It is not just the drought that leads to higher electricity prices, and the price would have been higher if we had not acted abroad, says NVE.
Dry summer and dry autumn have resulted in empty water reservoirs and higher electricity prices in Norway. Manufacturers are also struggling with power generation in the rest of Europe. But it is not just the drought that affects the price of electricity.
In a blog in the newspaper, former CEO and electrician Janos Lübeck writes that membership of ACER (read: ACER facts) and the new flowmeters are connected and there is a great danger that energy producers will now gamble with Norwegian energy sources and more energy selling abroad.
Read the blog here: The insanity around the new flow meters
– ACER has nothing to do with tariffs and AMS (new energy meter, read more here). At AMS we can use new technology to get a more efficient energy system and consumers have more control over their own consumption and can influence their own electricity bills. Energy trade with our neighboring countries ensures delivery reliability and prevents very high prices in the trays at low water times. The Energy Act was fundamental in securing energy at reasonable costs and overexploitation of nature, says communications manager Kjetil Hillestad in the Norwegian Directorate Water Management and Energy (NVE). NVE is of the opinion that the prices in Norway would be higher if we did not sell electricity to Europe.
Drought and rising electricity prices
"The past week has had a lot of fun, the weather is dry and the magazines are not being supplemented, says analyst manager Tor Reier Lilleholt in Wattsight for Nettavisen.
In early August, he assumed that the price of electricity could rise by 50 percent to about 70 øre per kilowattime (read your own case here).
Also read: you have to pay a historically high electricity price – 60 percent more expensive now than in January
"We are already 60 øre / Kwh", he says.
"The biggest part of the price increase is due to the conditions in Europe and very little due to the drought in Norway," says Kjetil Hillestad, communications manager at NVE for Nettavisen.
The high demand for coal and gas in Europe and Asia is increasing the price of these raw materials.
– Fuel prices for coal and gas are historically high. Some of the highest since just before the financial bubble exploded, "said Lilleholt.
As a result, Norwegian producers of clean electricity are better paid for electricity on the European market. At the same time they try to limit production with less export to save water, says Lilleholt.
The Kyoto agreement makes the electricity more expensive
NVE and Lilleholt in Wattsight say that an important factor in rising electricity prices now and in the coming years is that Co2 prices – that is the price of climate quotas that must be bought to produce electricity from coal and gas – increase.
Reading: The price of heaven – new power cables will stop abroad
The NVE power market analysis of 2017 (link is external) assumed that the Co2 price would increase from 5-6 euro / ton in 2017 to 15 euro / ton in 2030. Today the Co2 quota costs € 20 / tonne and nothing means that the price will fall.
"It is a desirable policy to raise the price, which is part of the European climate policy – it will be less profitable to produce fossil fuels compared to renewable energy." The political change was difficult to predict when NVE conducted the analysis in 2017 the power market, says Hillestad.

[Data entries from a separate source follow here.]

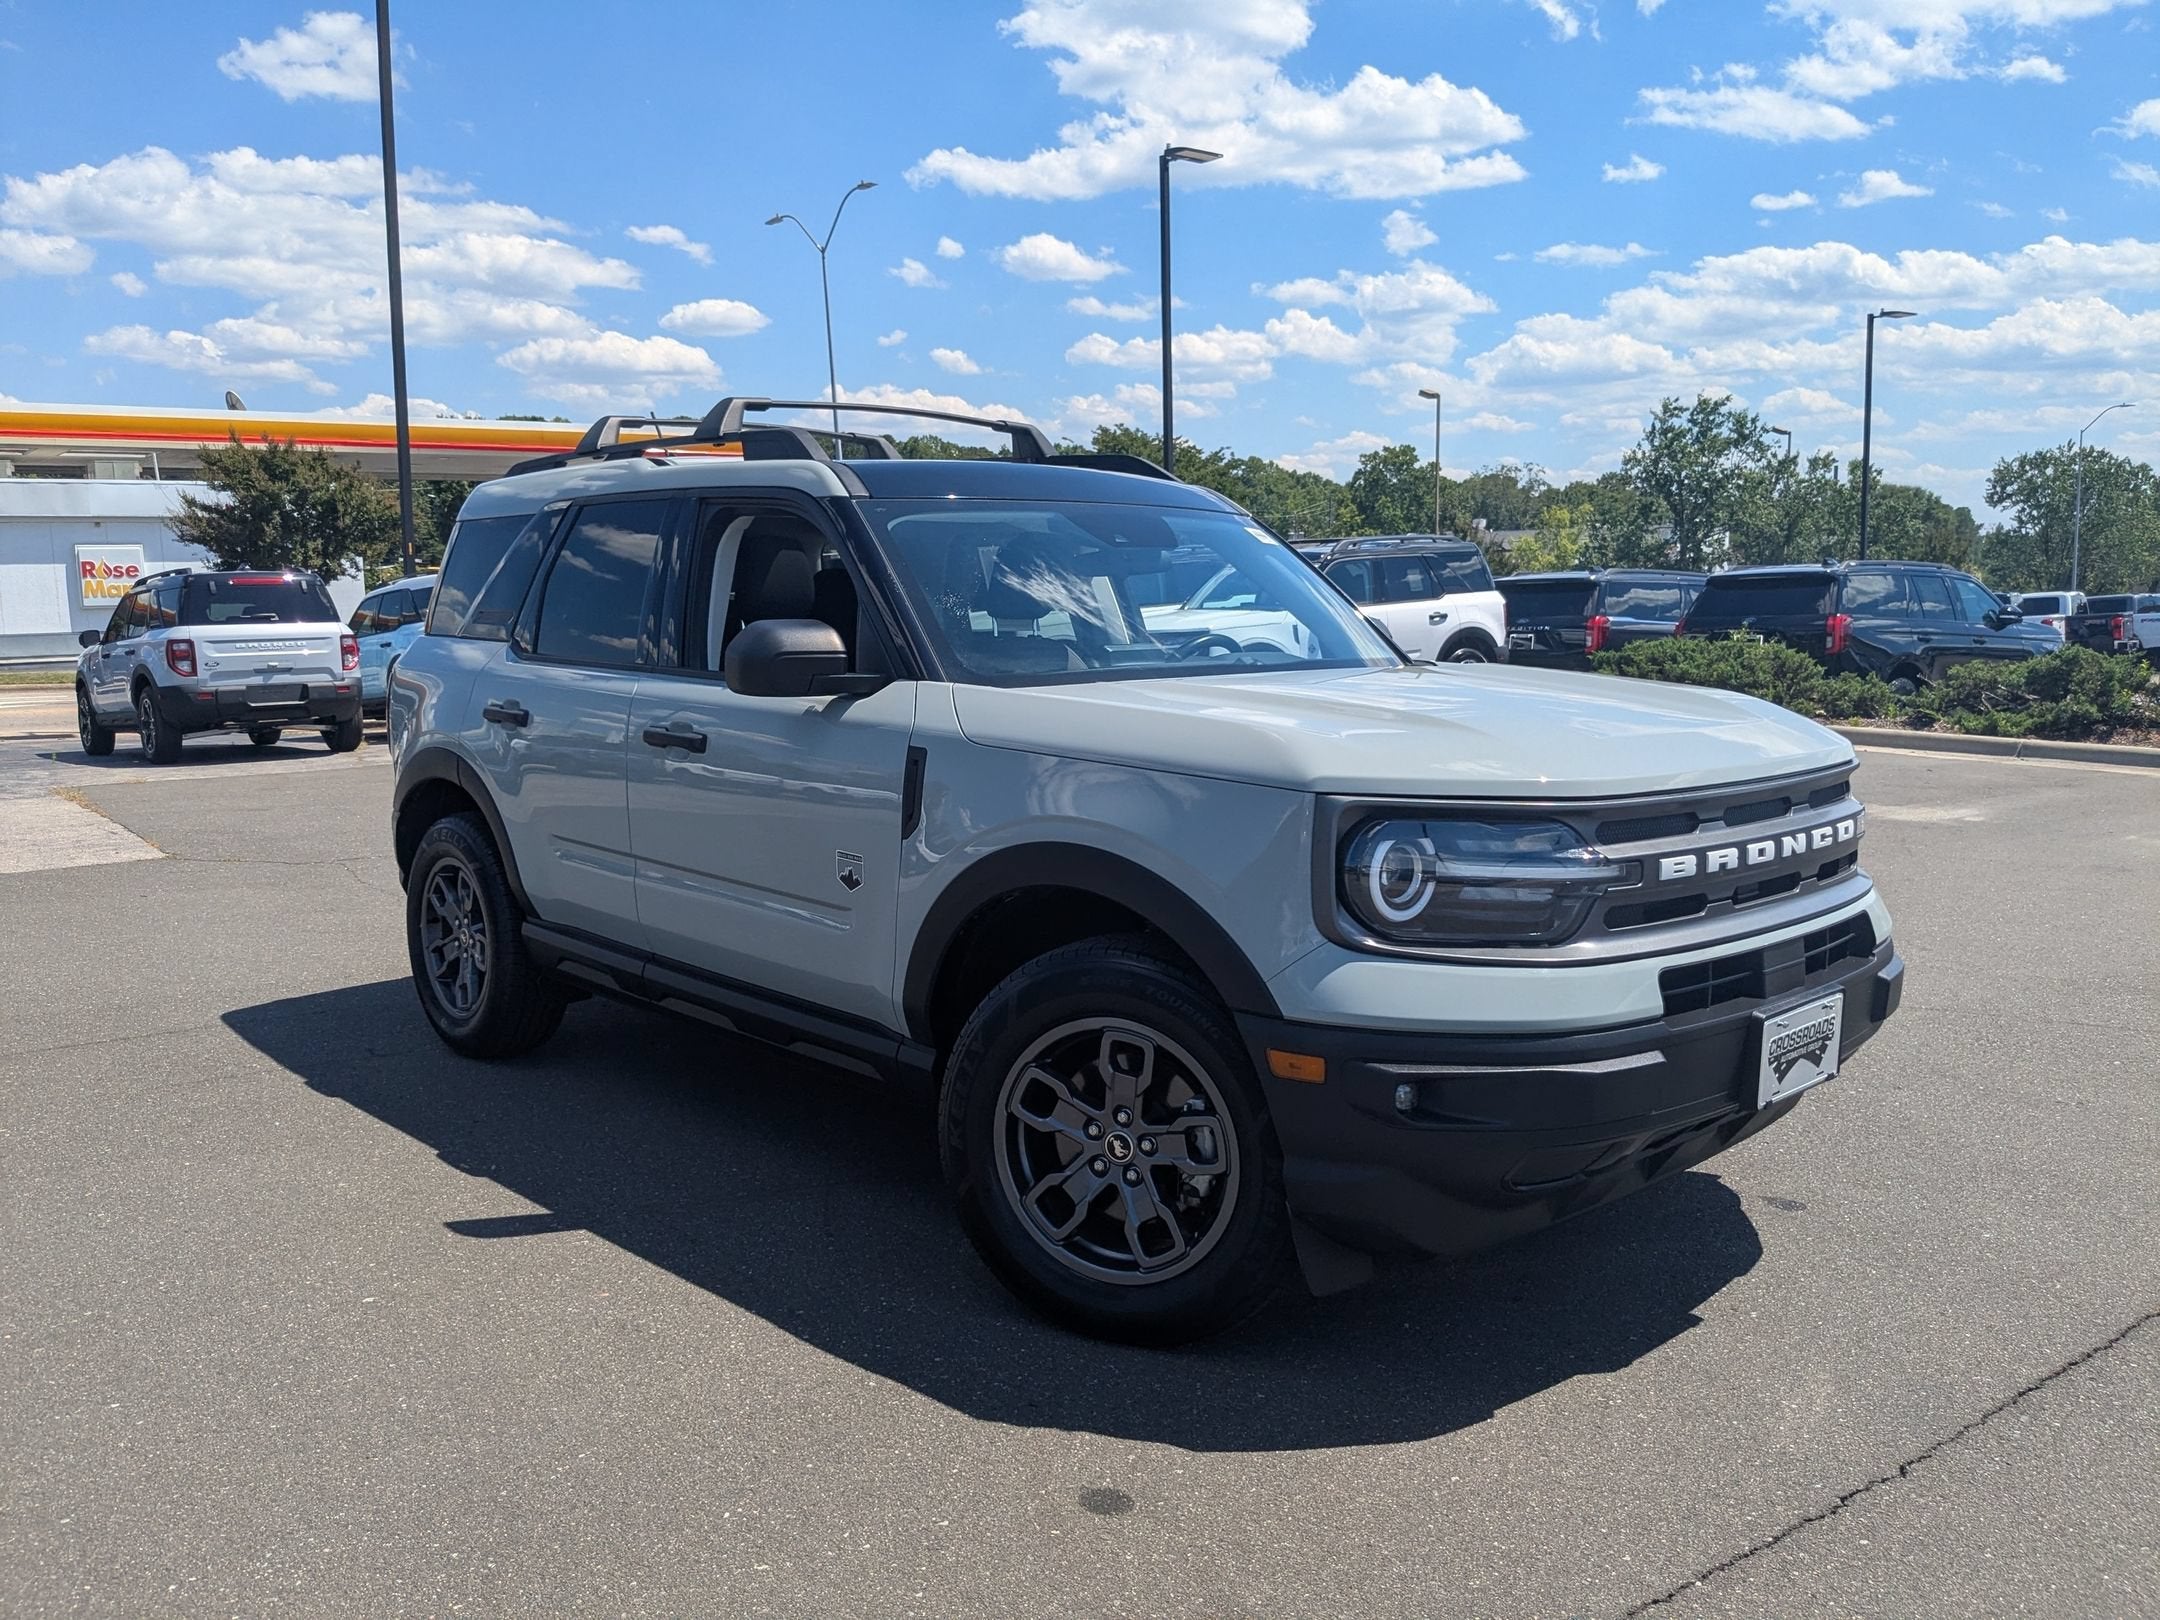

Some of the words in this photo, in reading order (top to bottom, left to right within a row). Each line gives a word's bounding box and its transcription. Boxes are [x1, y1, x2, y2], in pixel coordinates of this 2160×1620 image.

[80, 557, 140, 579] Rose
[84, 579, 133, 598] Mar
[1659, 819, 1855, 881] BRONCO
[1144, 984, 1220, 1039] TOURING
[1769, 1016, 1835, 1056] CROSSROADS

"It makes a big difference that the forward prices for Nordic feedings are considerably higher today than a year ago," said NVE.
That is why Norway has to sell to Europe
"But why can not Norway keep the water in the magazines and not sell electricity to Europe?

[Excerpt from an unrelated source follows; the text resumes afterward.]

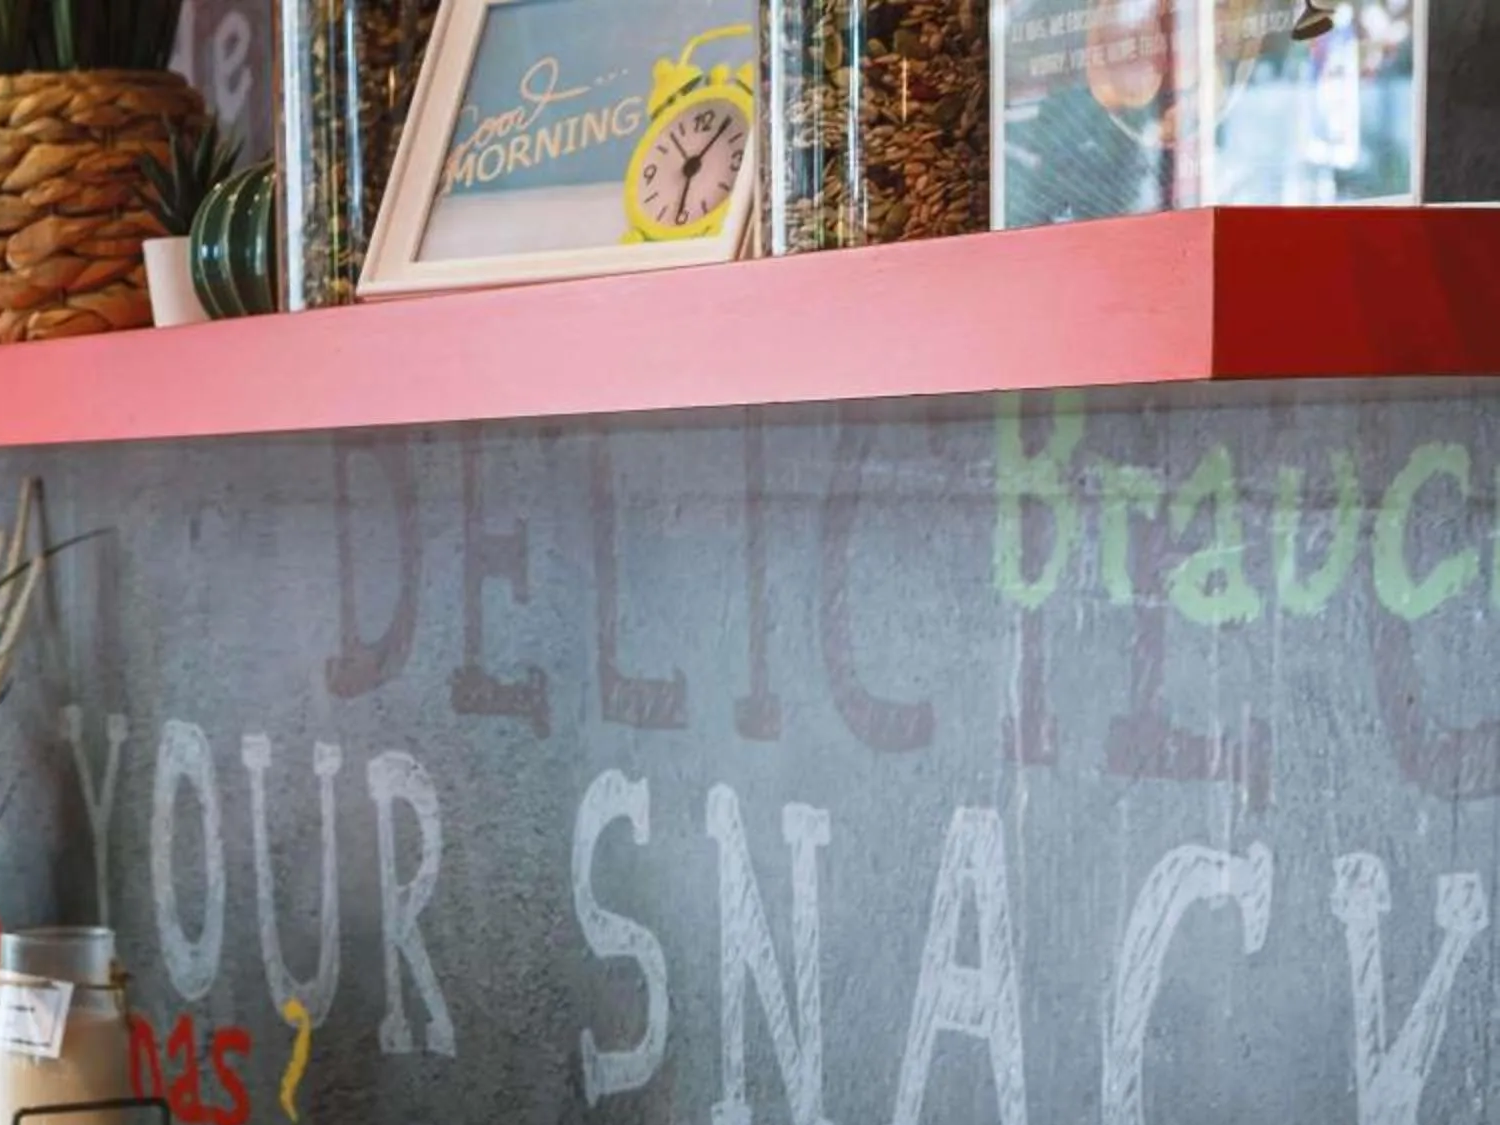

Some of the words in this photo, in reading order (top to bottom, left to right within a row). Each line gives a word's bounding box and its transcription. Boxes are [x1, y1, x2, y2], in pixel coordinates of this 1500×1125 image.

– We then had much higher electricity prices in the winter. You have to see the whole system as a whole, says Hillestad.
NVE carried out analyzes showing that the electricity price could even have been 2-3 times higher in the winter, even with normal rainfall if Norway was not connected to the European electricity market (link is external).

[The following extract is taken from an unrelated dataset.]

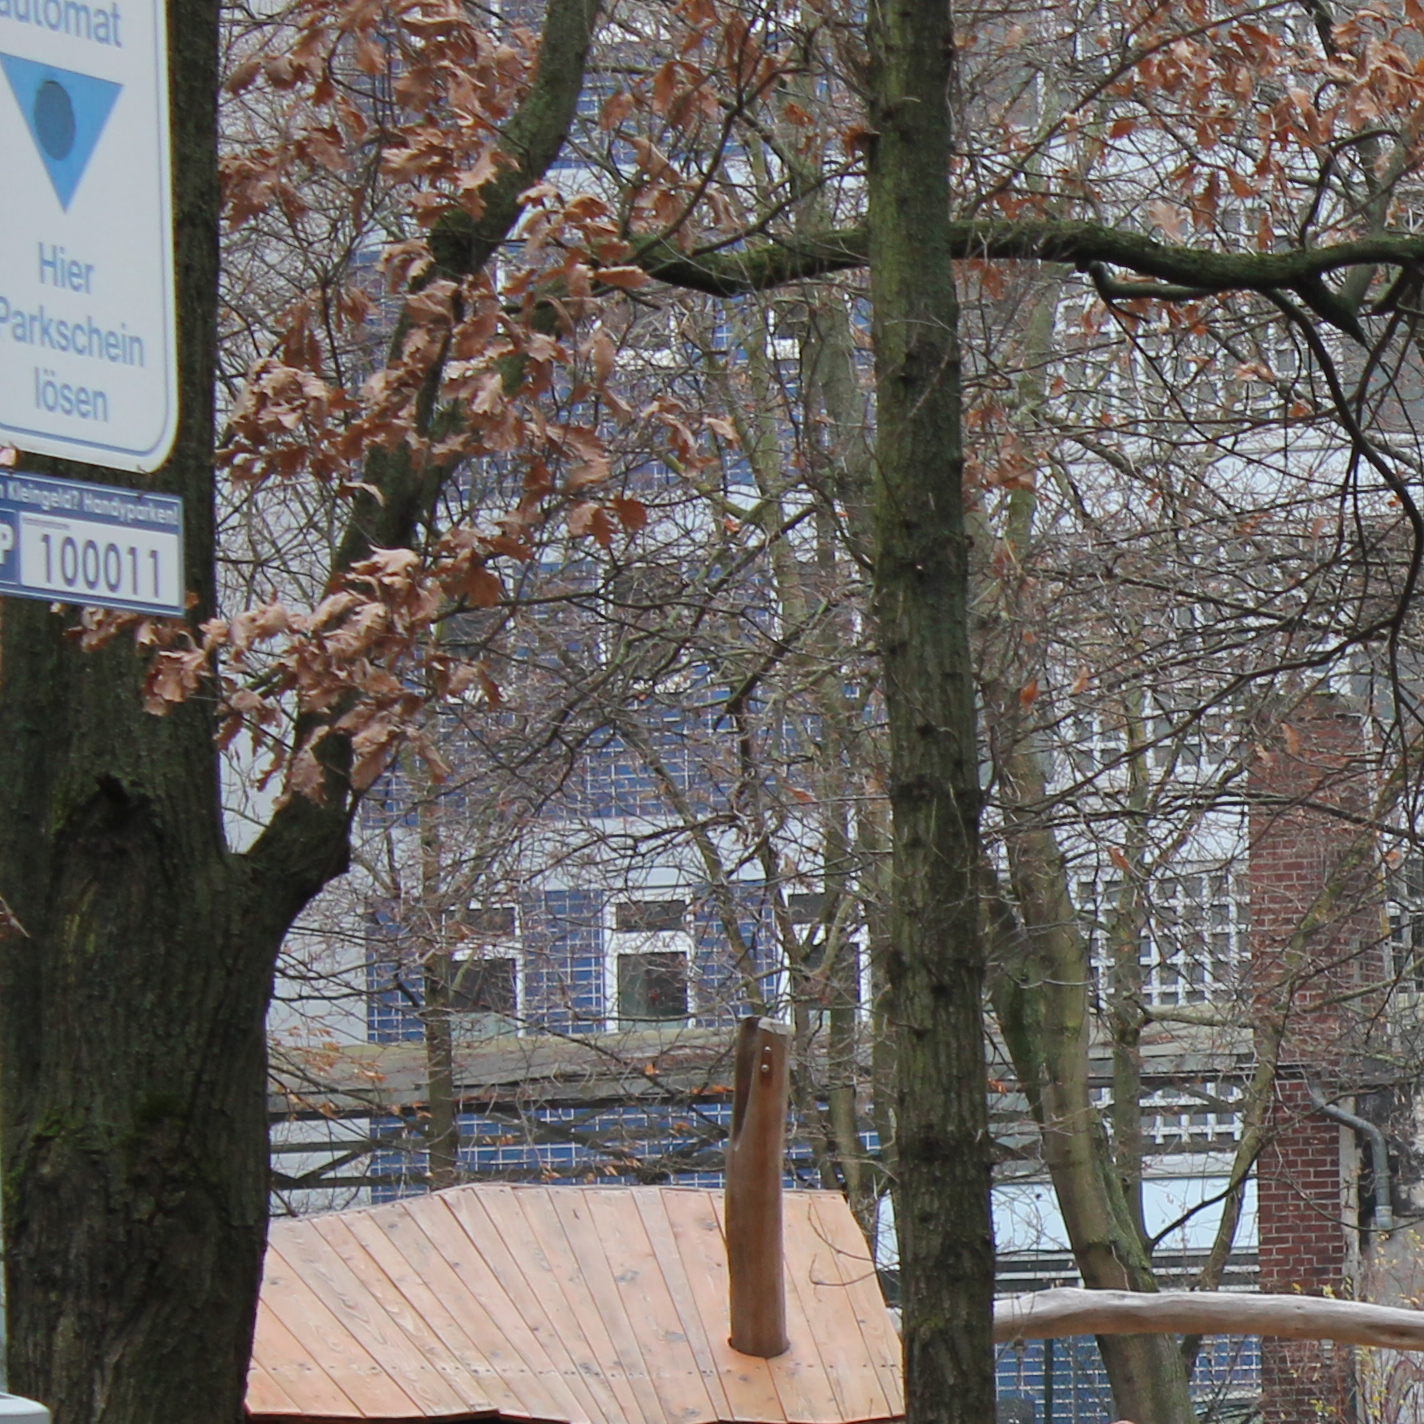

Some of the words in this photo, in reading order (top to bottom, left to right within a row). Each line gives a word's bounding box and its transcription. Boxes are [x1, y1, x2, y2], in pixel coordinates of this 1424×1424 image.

[39, 241, 95, 295] Hier
[34, 366, 109, 424] lösen
[40, 533, 160, 598] 100011

Norway produces 139 TWh per normal year and has been operating abroad since the 1960s.
If Norway were to be self-sufficient with electricity at all times, then we would also have had to build up the power generation considerably. It had a strong rise in electricity prices.
Hillestad also points out that Norway must have filled up the water reservoirs all winter. Thus, the magazines could not be used to the same extent as flood protection in the spring.
– Good economy
"This is a Norwegian export that many benefit from." The energy companies are often municipal companies and the profits are paid to the public sector, so we get a lot of money for the sale of electricity, says Lilleholt in Wattsight and adds:
"We clap our hands when we sell oil and gas, but as soon as we sell electricity as a clean product, people react.
Similarly, you can get more new news and new opinions here!